Every decade or so, a handful of products prompt people to rethink standard routines. BMPyBr fits into this pattern, drawing the attention of scientists, teachers, and industrial managers alike. I once worked with a team trying to overhaul outdated methods in a high school chemistry lab; by introducing students to a safer ionic liquid instead of flammable solvents, their curiosity soared—nobody worried about headaches or strange odors. Kids learned faster and spent more time handling real experiments without the constant refrain of “don’t get too close.”
Corporate sustainability reports now often highlight the switch to modern, safer chemicals. In strictly bottom-line terms, these conversions may seem like a gamble, but the reduction in accidents, downtime, insurance rates, and legal risk eventually translate to real savings. On top of that, the reputational bump isn’t trivial; customers and investors pay attention to product safety and environmental stewardship. By adding BMPyBr to the roster, companies signal their dedication to safety and modern best practices, helping build customer confidence in ways quarterly spreadsheets sometimes overlook.
As BMPyBr finds a home in more applications, its future is tied not just to better chemistry, but to a willingness to reevaluate old standards. Many university and private-sector teams are now fine-tuning BMPyBr for specific purposes, such as optimizing it for new battery architectures, platform sensors, or large-scale organic syntheses. Collaboration between labs and manufacturers is driving down impurities, improving recyclability, and making blends with even finer-tuned conductivities and stabilities. I’ve witnessed strikes of genius in joint academic–industry sessions—fresh ideas that range from combining BMPyBr with biodegradable polymer matrices to using it as a carrier for new-generation pharmaceutical reagents. Each of these experiments moves the materials field another step closer to safer, more efficient, and environmentally mindful practices.

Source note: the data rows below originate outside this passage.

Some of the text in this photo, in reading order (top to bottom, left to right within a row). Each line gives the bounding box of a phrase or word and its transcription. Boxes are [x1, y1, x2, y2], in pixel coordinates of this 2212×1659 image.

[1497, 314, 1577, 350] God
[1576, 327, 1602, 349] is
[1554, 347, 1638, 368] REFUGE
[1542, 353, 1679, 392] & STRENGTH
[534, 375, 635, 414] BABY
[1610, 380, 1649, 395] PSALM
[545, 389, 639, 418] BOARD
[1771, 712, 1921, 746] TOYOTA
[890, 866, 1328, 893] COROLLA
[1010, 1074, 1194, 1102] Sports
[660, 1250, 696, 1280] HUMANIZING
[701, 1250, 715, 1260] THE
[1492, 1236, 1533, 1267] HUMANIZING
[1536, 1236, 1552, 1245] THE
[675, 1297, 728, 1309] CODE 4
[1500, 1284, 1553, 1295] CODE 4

In the past, upgrades in chemical handling or salt technology usually meant trading one risk for another. BMPyBr offers a new angle—a substance sturdy enough for tough industrial jobs yet refined enough for detailed academic research. The open exchange of knowledge has a role here. Community forums, workshops, and rapid-share databases ensure that lessons on best practices or troubleshooting reach the next group of users quickly, minimizing setbacks and maximizing the shared value of each incremental gain.
Reflecting on all this, 1-Butyl-1-Methylpyrrolidinium Bromide delivers far more than a chemical alternative—it signals fresh thinking about how we approach safety, sustainability, and real-world usability in the chemical sciences. My own work and those of peers across sectors tell a story of fewer hazards, greater resilience, and new opportunities for creative problem-solving. As BMPyBr continues to show its mettle in labs and across industry, it serves as a reminder that progress often comes not just from the flashiest inventions, but from steady upgrades in the tools we rely on every day. With continued knowledge-sharing, mindful research, and honest assessment of challenges, the day-to-day experience using products like BMPyBr stands to get even better, leaving behind some of the old limits and moving toward a cleaner, safer future for everyone involved in chemistry, engineering, and education.